(Text-to-region grounding data)
Segment Open
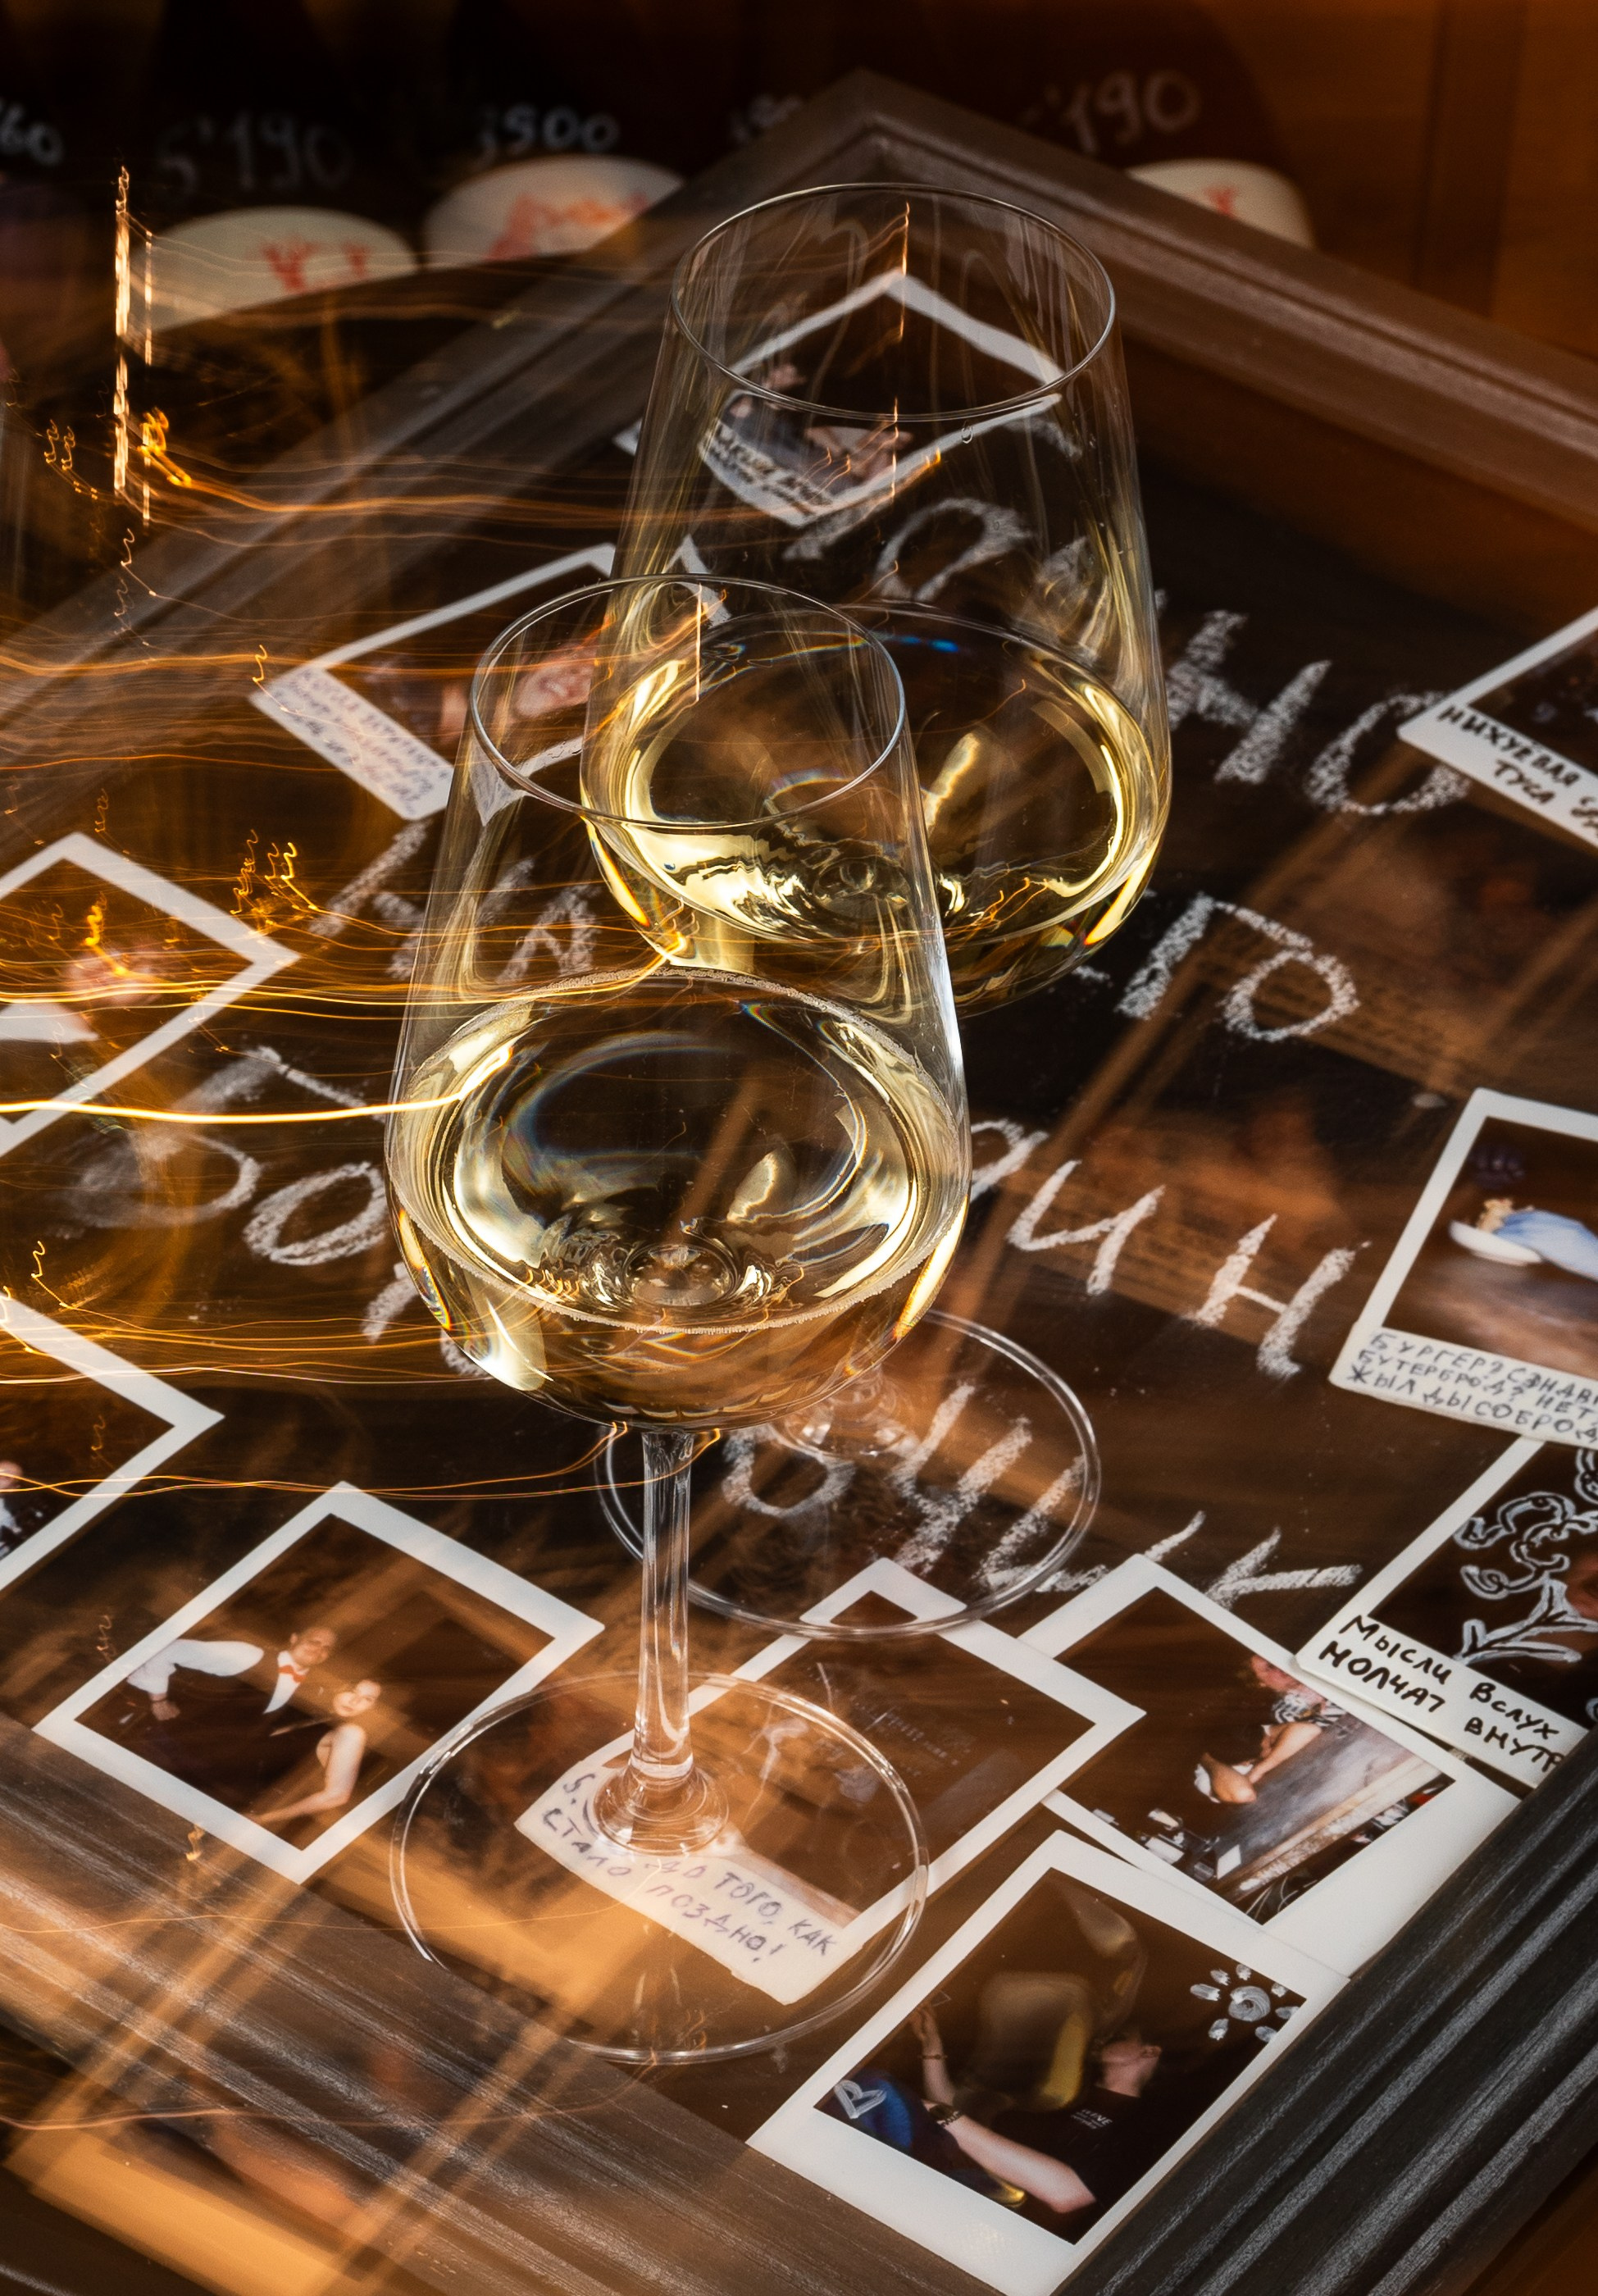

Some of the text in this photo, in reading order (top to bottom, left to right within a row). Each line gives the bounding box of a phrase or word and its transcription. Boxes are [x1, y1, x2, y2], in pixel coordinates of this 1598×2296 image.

[1358, 1349, 1524, 1402] БУТЕРБРОД?
[1370, 1332, 1504, 1379] БУРГЕР?
[543, 1807, 786, 1962] СТАЛО ПОЗДНО!
[787, 1918, 838, 1957] КАК
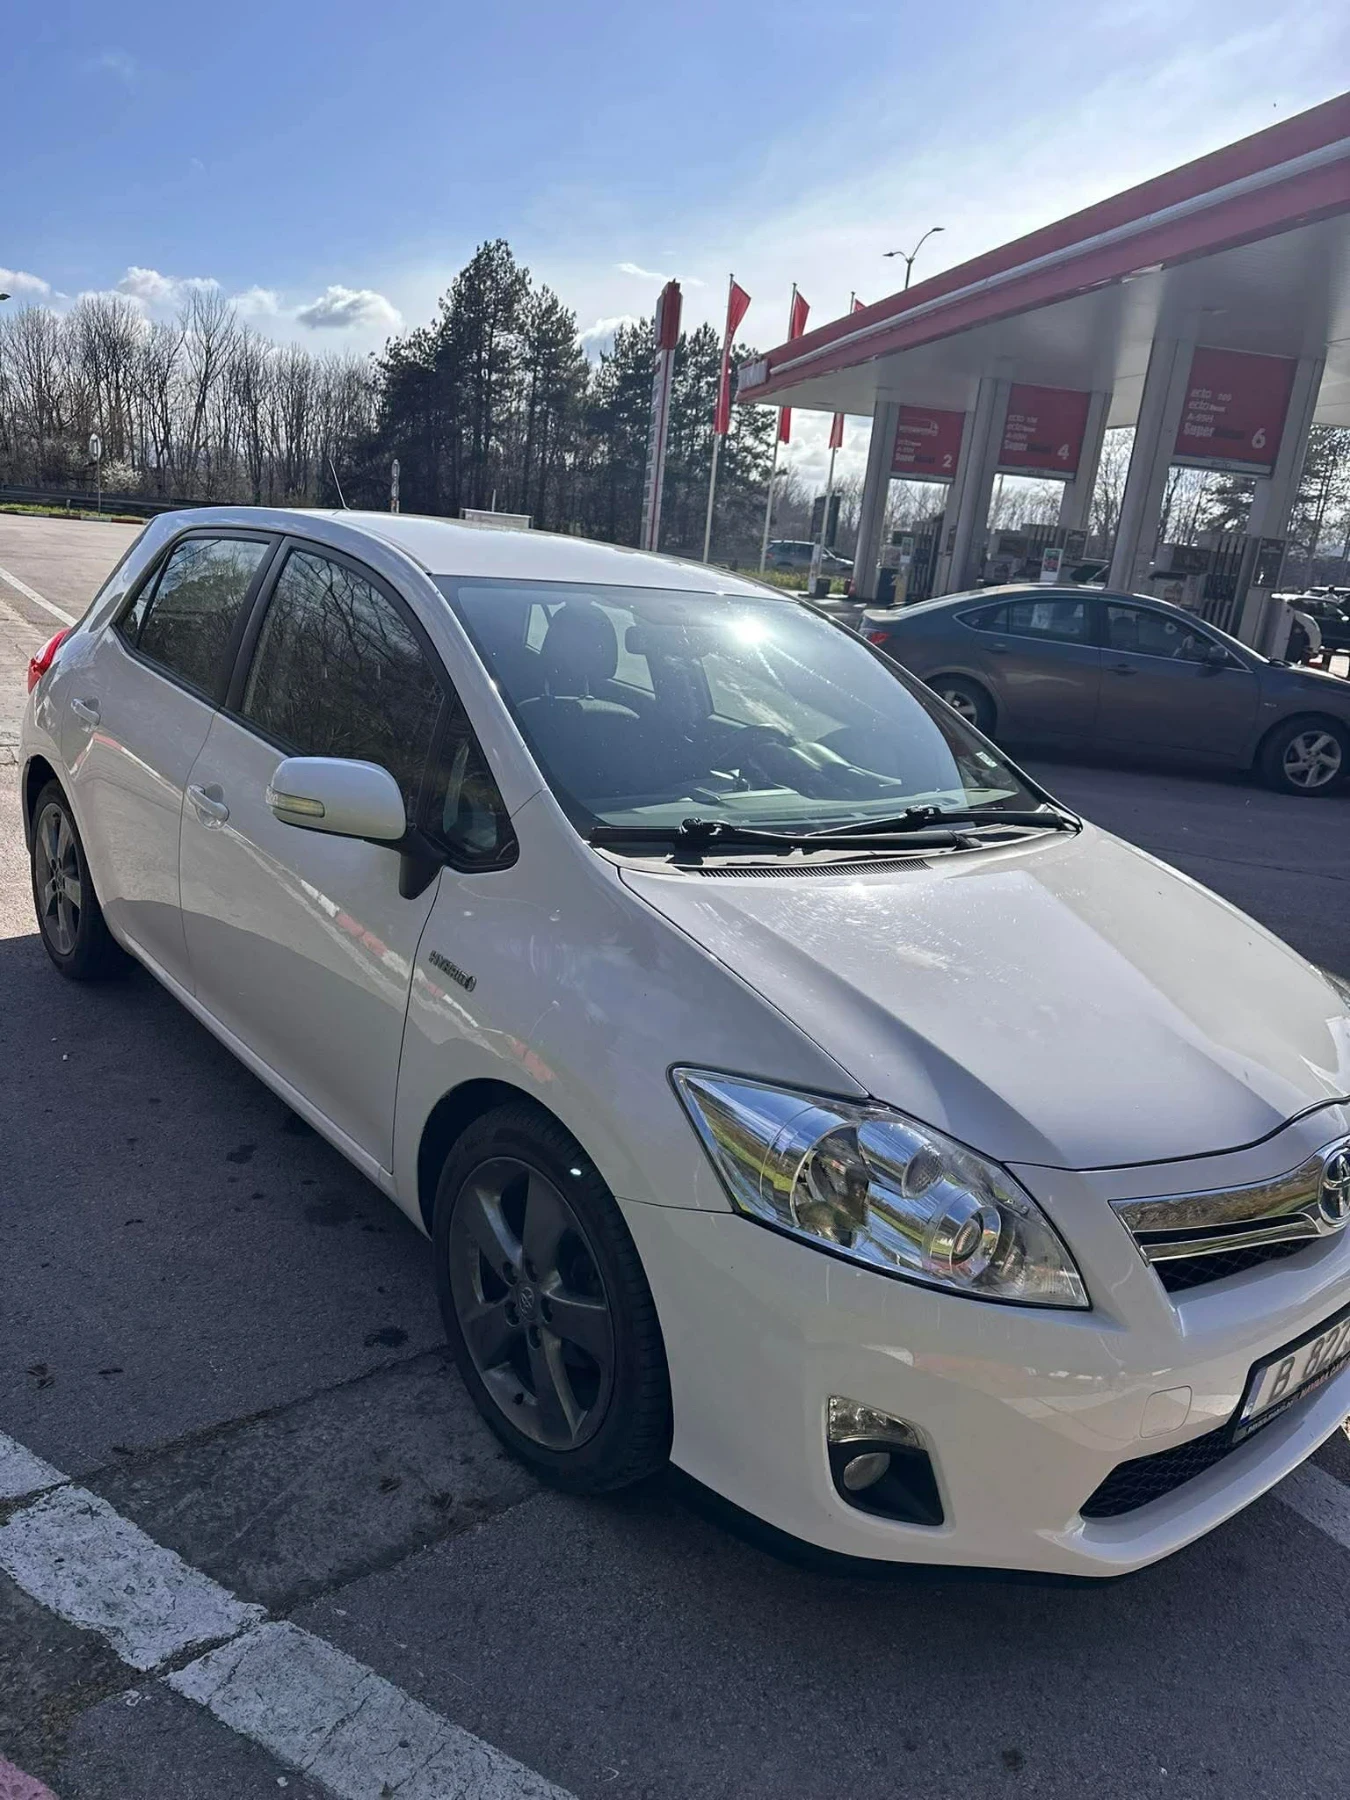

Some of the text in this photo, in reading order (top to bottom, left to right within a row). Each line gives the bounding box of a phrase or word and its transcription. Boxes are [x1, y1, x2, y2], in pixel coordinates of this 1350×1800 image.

[1251, 427, 1267, 449] 6
[942, 453, 953, 468] 2
[1057, 443, 1070, 460] 4
[1268, 1356, 1296, 1404] B
Segment Closed
Required work:
Would you copy each line above exactly as given, dropping any images?

Exercise answer:
Some of the text in this photo, in reading order (top to bottom, left to right within a row). Each line gives the bounding box of a phrase or word and its transcription. Boxes are [x1, y1, x2, y2], in pixel coordinates of this 1598×2296 image.

[1358, 1349, 1524, 1402] БУТЕРБРОД?
[1370, 1332, 1504, 1379] БУРГЕР?
[543, 1807, 786, 1962] СТАЛО ПОЗДНО!
[787, 1918, 838, 1957] КАК

Some of the text in this photo, in reading order (top to bottom, left to right within a row). Each line gives the bounding box of a phrase or word and its transcription. Boxes are [x1, y1, x2, y2], in pixel coordinates of this 1350×1800 image.

[1251, 427, 1267, 449] 6
[942, 453, 953, 468] 2
[1057, 443, 1070, 460] 4
[1268, 1356, 1296, 1404] B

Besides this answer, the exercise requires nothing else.